–Report by Arun Bhattacharya
A nearly two-decade-old issue of landowners who have been divested from their lands for the construction of Express Highway was relieved on receiving orders regarding due compensation by the hon’ble Supreme Court of India on Wednesday (15th February 2023) in the matter of RAVINDER KUMAR GOEL versus THE STATE OF HARYANA & ORS.
A certain extent of 798 Kanals and 2 Marlas of land were acquired by the Haryana Government Industries Department in 2005 due to the construction of Express highway Phase VII which would connect National Highway numbers 1,10,8 and 2. The District Revenue cum Land Acquisition Collector had declared an amount of approximately twelve lakh rupees per acre for the said lands. On seeking reference from the Reference Court, they were given a consideration of approximately forty-three lakh rupees per acre which was again enhanced by the High Court to nearly sixty-two lakh rupees per acre amount.
Both the landowners and the State had filed appeals before the apex court under the title Surender Singh v. State of Haryana whereby the matters were remanded back to the Reference court which after further consideration revalued the amount of compensation to approximately twenty-two lakh rupees per acre. Appeals by both parties were again filed before the High Court which rectified the amount again to nearly fourteen lakh rupees per acre. On such occasion, the land losers filed another appeal to the apex court with the demand for further rectification of the said compensation value.

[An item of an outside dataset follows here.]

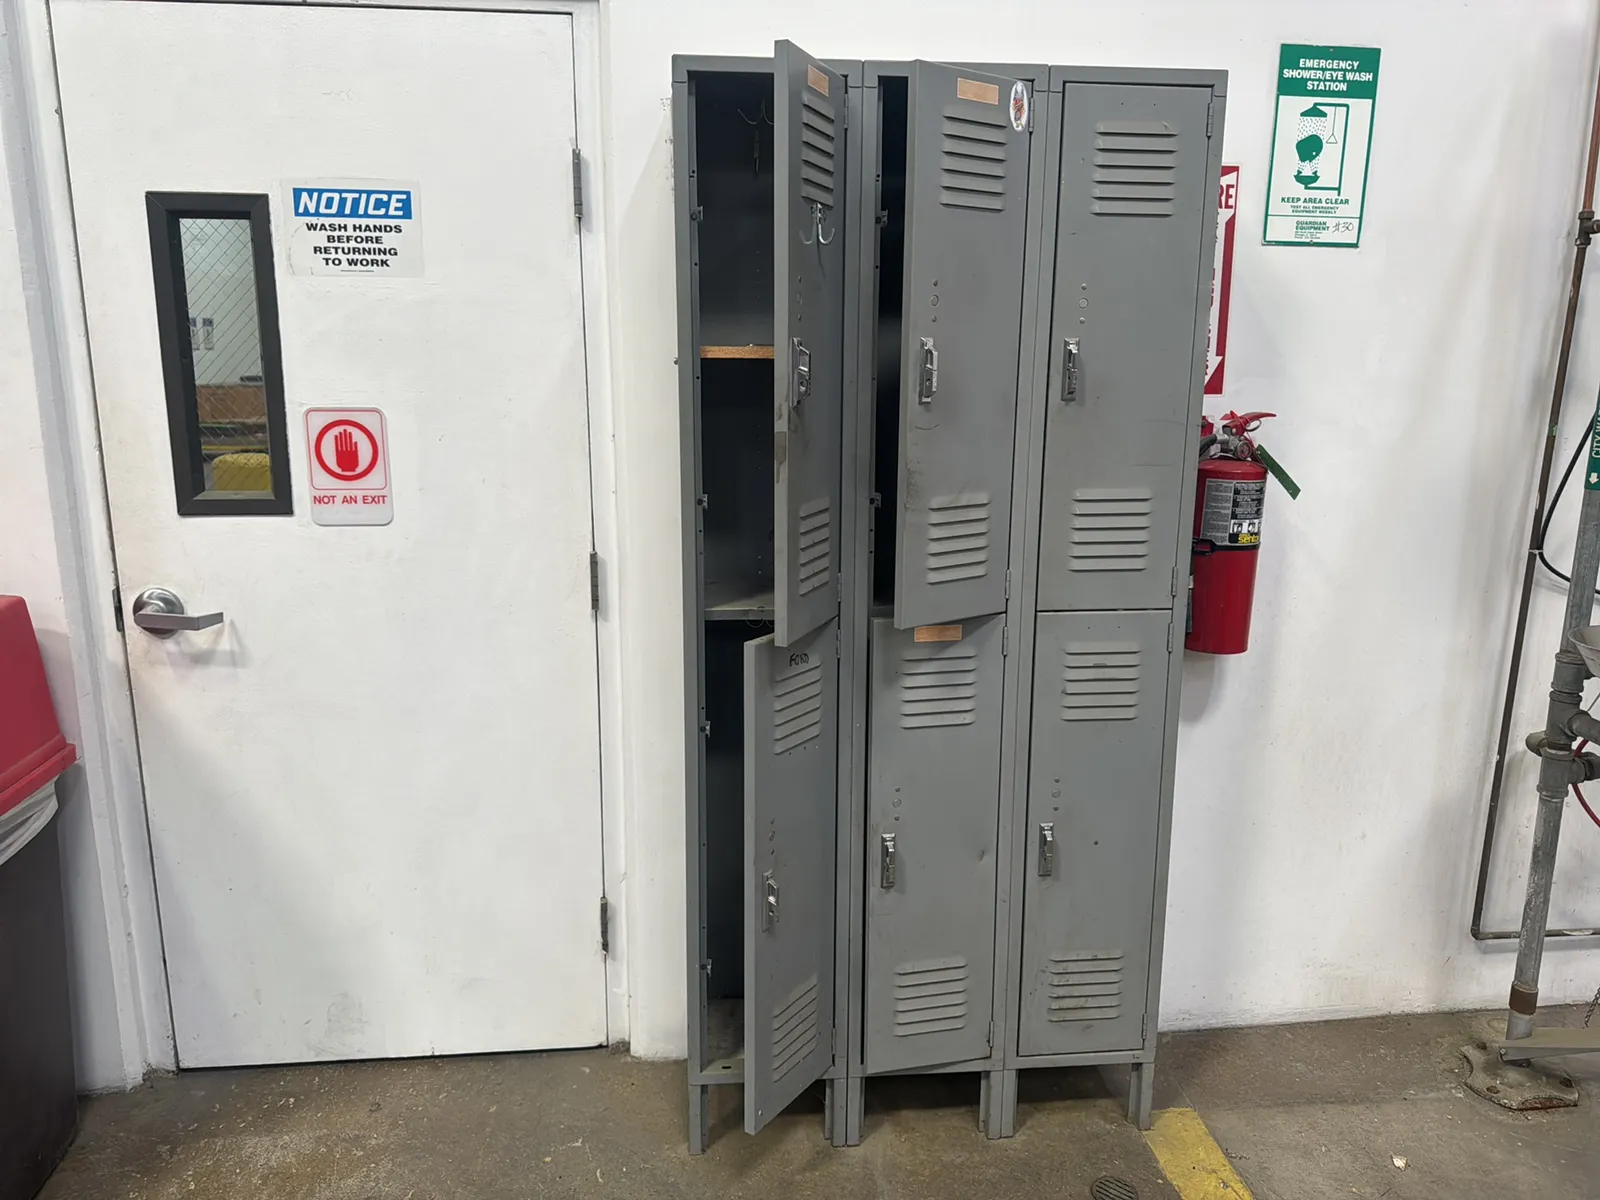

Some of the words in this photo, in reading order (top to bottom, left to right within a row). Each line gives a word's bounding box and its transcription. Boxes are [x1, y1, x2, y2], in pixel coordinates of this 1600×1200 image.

The appellants primarily contended the fact that the lands which were under consideration were part of an urban agglomeration and had served purposes other than merely agricultural and hence the determination of compensation on such lands assuming them to be purely agricultural would be faulty. They also highlighted their grievance regarding the Reference Court’s decision to deduction of 35 per cent as development charges. They argued that since the purpose of such acquisition was for the construction of roadways hence such acquisitions must be treated as sale deeds and compensation thereby must be determined in compliance with their market values.
The Reference Court had relied upon certain Exemplars which were in connection to lands which amounted to 798 Kanals 2 Marlas while determining the compensation in the present case. This was pointed out to be unjustified due to the non-representation of the true value of such lands. They further pointed out that the Land Acquisition Officer was correct in his determination of compensation since he had relied upon nine sale Exemplars during the very same period wherein large extents of agricultural lands were sold and per acre value for those said transactions were lower than what was determined by the LAO.
The hon’ble apex court did an in-depth analysis of the contentions of both parties, relied upon different judgments like State of Gujarat vs. Kakhot SinghJi VajesinghJi Vaghela observed that “the principle that the price agreed between a willing seller and a willing purchaser would be the price which is generally prevailing in the market in respect of the lands having similar advantages which can be the basis to determine the market value of acquired lands if such sale instances are brought on record.” Considering all the valid points referred by the Reference Court, the apex court stated that since the purpose of such acquisition was the construction of roadways, it is prudent that development charges are bound to occur and declared that twenty-five per cent of charges must be paid in accordance to development cost which resulted in a deduction of nearly eight lakh rupees from the initial thirty-three lakhs. Thus the final amount to be paid in compensation was calculated to be twenty-five lakhs per acre approximately by the apex court concluding a nearly two-decades-long litigation.